Lesson 6 of 6

Add Metadata to a Transaction

Cardano transactions can carry arbitrary key-value data alongside the movement of ADA. This is transaction metadata: labels, notes, application-level identifiers, off-chain document hashes — anything a downstream service wants to read from the chain without interpreting validator logic.

Metadata is cheap, standardised, and indexed by every explorer and chain follower. In this lesson you'll attach a CIP-20 style "message" to a simple ADA transfer using Apollo's SetShelleyMetadata.


How Metadata Is Structured

Cardano ledger defines metadata as a map from label (unsigned integer key, sometimes called a "tag") to value (numbers, byte strings, text strings, lists, or maps of the same).

Conventionally, specific label numbers are reserved for specific uses. A small sample:

Label

Convention

Source

674

Transaction messages (free text note)

CIP-20

721

NFT asset metadata

CIP-25

61284

DRep metadata

CIP-119

1968

Pool metadata references

Long-standing convention

For this lesson we'll use 674 (CIP-20 messages) because it's the simplest: a single msg field containing an array of text strings.
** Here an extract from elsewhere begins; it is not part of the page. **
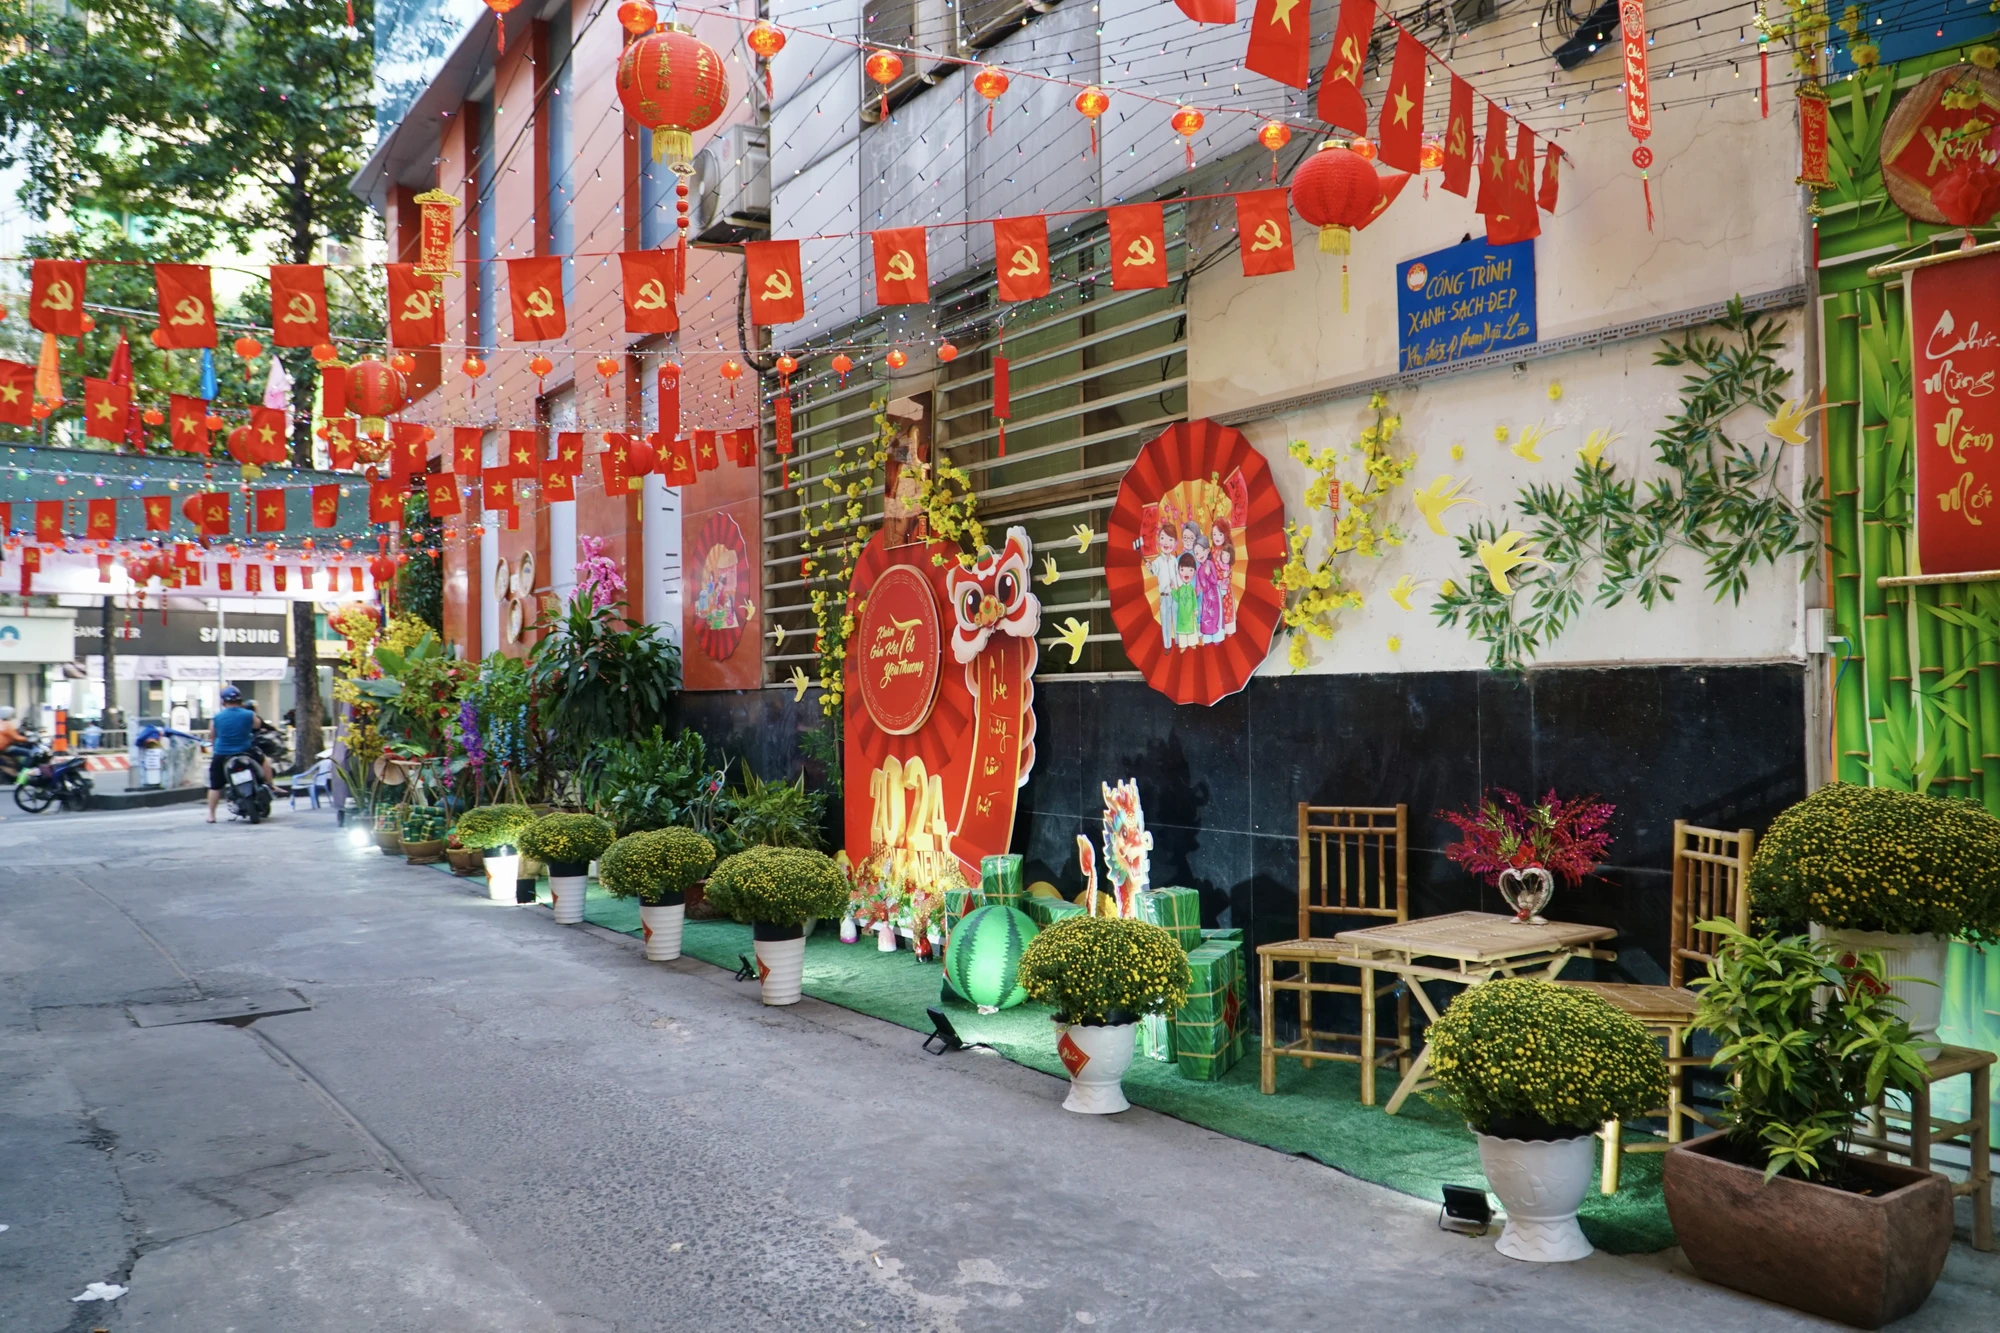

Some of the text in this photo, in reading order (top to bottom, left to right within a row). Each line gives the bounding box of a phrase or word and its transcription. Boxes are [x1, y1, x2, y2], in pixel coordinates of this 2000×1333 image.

The canonical shape for a CIP-20 message is:

{
  "674": {
    "msg": [
      "Hello from the course"
    ]
  }
}

That's what we want to put on-chain.


Apollo's Metadata Types

Apollo exposes metadata through github.com/Salvionied/apollo/serialization/Metadata. The types you'll touch:

type Metadata map[int]any              // label → value
type ShelleyMaryMetadata struct {      // the top-level wrapper we attach
    Metadata      Metadata
    NativeScripts []NativeScript.NativeScript // optional
}

Metadata is just map[int]any. The any on the value side means you can nest map[string]any, []any, int, []byte, string — matching CBOR's major types.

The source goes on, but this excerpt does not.